Muchos en la ultraderecha deben de andar felices. No contentos con los aprietos de la paz, querrán ahora adjudicarse el ominoso mérito de haber creado la reserva más prometedora para su proyecto autoritario: 73% de nuestros adolescentes se allanaría a una dictadura, si ella brindara orden y seguridad; y la mitad se muestra proclive a la corrupción y la violencia (Estudio Internacional de Educación Cívica y Ciudadana). Alarmante mentiz a la democracia, cuyo único origen no es el odio que algún caudillo destila y legiones pueden convertir en ganas de matar. Otros huevitos empollan también en el nido de una educación más pensada para el todovale, la acción intrépida y el atentado personal que inclinada a formar ciudadanos dispuestos a la convivencia civilizada y pareja entre gentes de toda condición y capaces de concebir un proyecto de nación.

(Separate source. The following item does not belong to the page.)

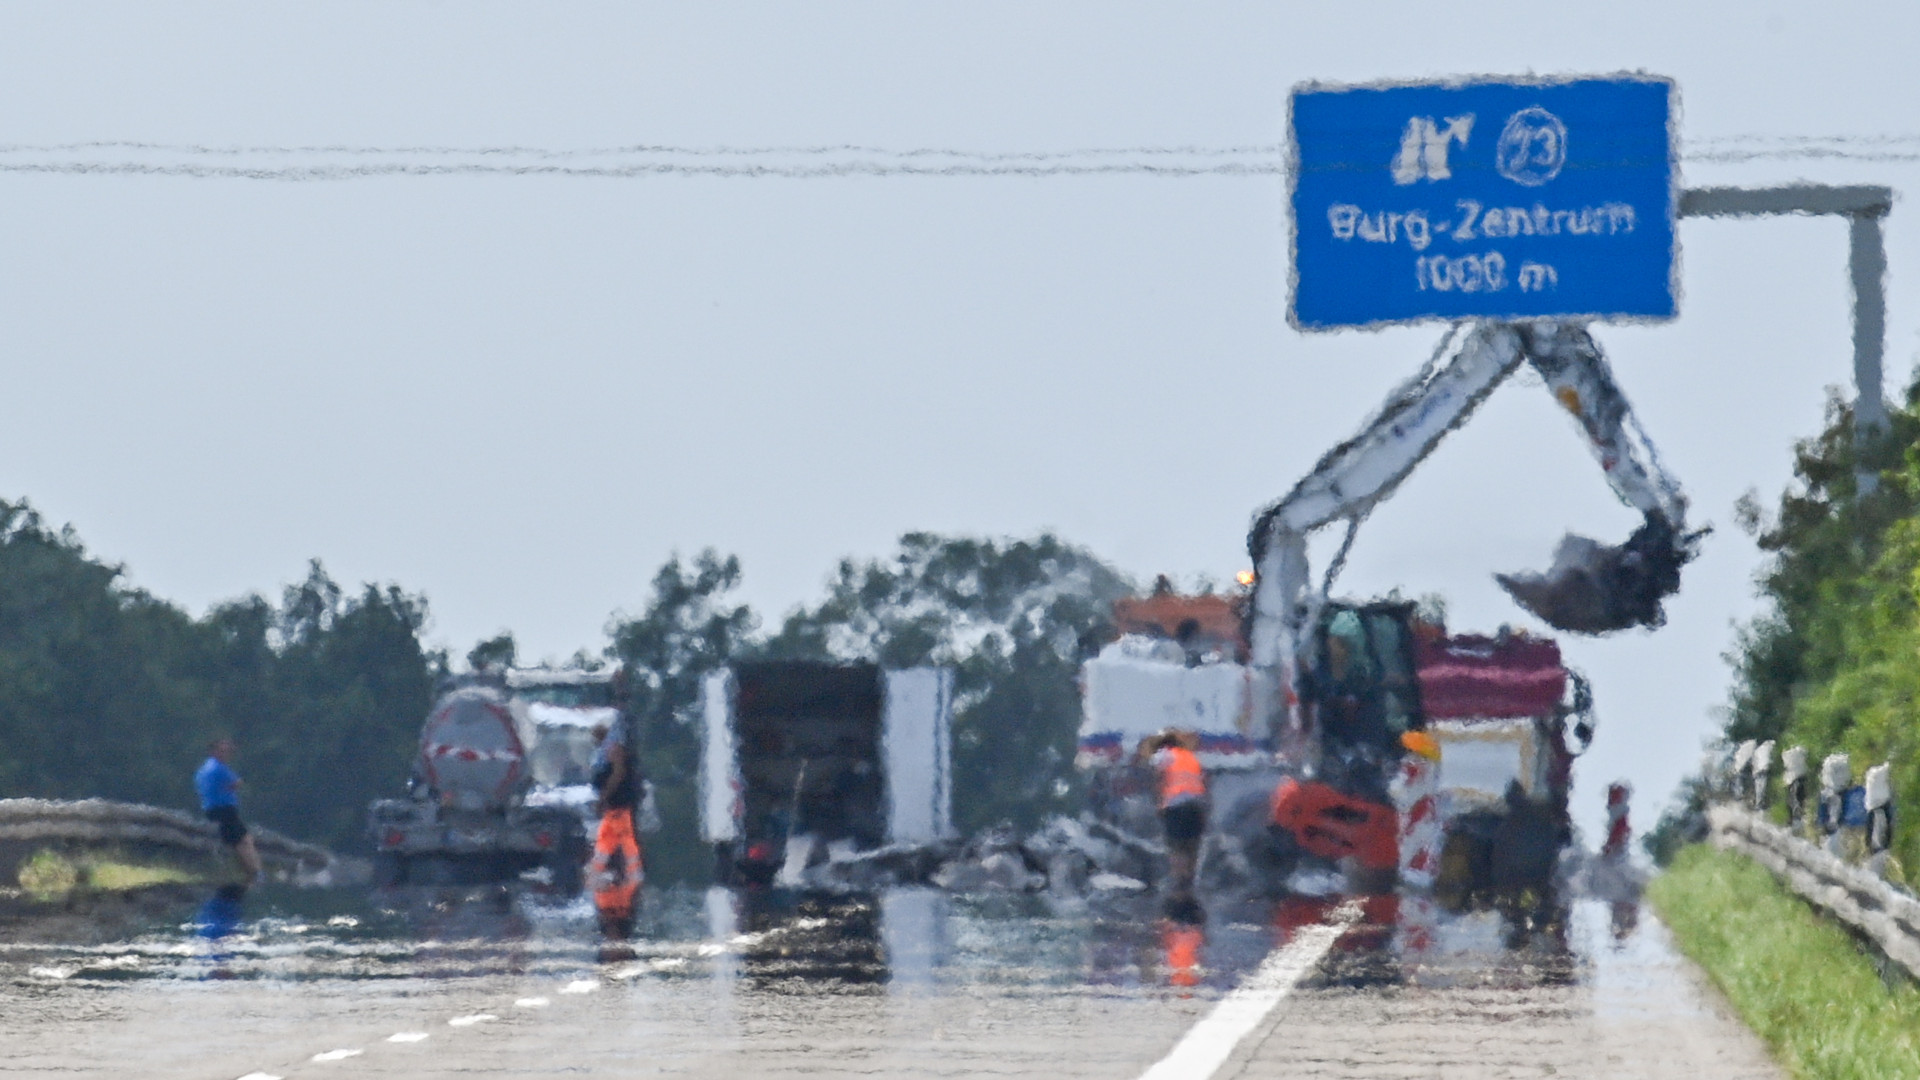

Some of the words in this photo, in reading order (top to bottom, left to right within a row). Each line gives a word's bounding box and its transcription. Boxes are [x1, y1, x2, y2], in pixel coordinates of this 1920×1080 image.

Empezando por el modelo de familia edificado sobre la autoridad que se descarga como un fierro casi siempre sobre sus miembros más indefensos: sobre la mujer y los niños. El amor parece allí un adorno grotesco, pues cree legitimar toda laceración y vejamen en la violencia intrafamiliar. Por su parte, la escuela no termina de sacudirse el peso muerto de las Iglesias, en su abusivo empeño de salvar almas avasallando la libertad y el pensamiento crítico. Y la guerra –¡ay, la guerra!– con su brutal corolario de narcotráfico, que enfermó a la sociedad y moldeó nuestra manera de sentir, de pensar y de actuar en todas las clases sociales y en cada recoveco de la geografía nacional.

“Educados” en la ignorancia de la historia y las humanidades; ajenos al arte; alelados ante el primer demagogo que funge de Mesías y predica la guerra, ante cada valentón que dispara desde una moto sin fallar el tiro; seducidos por la enseña antioqueña que alcanzó categoría nacional: “consiga plata, mijito, consígala honradamente; pero, si no puede honradamente… consiga plata, mijito!”. Castrada así su capacidad creadora y crítica, hacen nuestros niños sus primeras armas en la escuela. La Fundación Plan estableció que casi la cuarta parte de los estudiantes de colegio había ejercido algún tipo de violencia. Por matoneo, 56%; tres de cada cinco víctimas de este piensa en la venganza o en el suicidio.

Ya mayorcitos, escogerán la dictadura como forma de gobierno si, además de seguridad, ofrece beneficios económicos. En vez de partidos-antro de corrupción, de la justicia inoperante y del Congreso, escogerán la mano dura y el camino del atajo. Su símbolo se habrá insinuado en el hogar inhóspito, en el negociante que tumba al socio, en el maestro de dogmas, en el joven “emprendedor” que se enriquece en un santiamén (y no preguntes cómo), en el sicario endiosado por la televisión, en el guerrillero verdugo del pueblo al que dice defender, en el paramilitar capaz de jugar fútbol con la cabeza de sus víctimas, en el politicastro que miente y ofrece gobernar por siempre, con la espada y sin la ley. Sobre estos moldes vacían la cera de su dictador imaginado. Mas, ¿qué sabrán de dictadores nuestros adolescentes, si en el programa de estudios se suprimió la historia? Ya reivindicarán el derecho de estudiarla siguiendo la divisa de Jorge Orlando Melo: la historia es una forma de aprender a pensar y a no comer cuento.

No está la enfermedad en nuestros niños, está en la sociedad. En el largo camino de reconstruirla, serán decisivos la energía, la inteligencia y el valor que cientos de miles de jóvenes despliegan en otra orilla. Como Julián Rodríguez Sastoque, líder juvenil respetado aquí y en el extranjero por su trabajo en pos de “un mejor país”. Hoy reivindica su honor, mancillado por voceros del uribismo, que acaso mucho esperen de la chiquillada arrojada a las fauces del fascismo.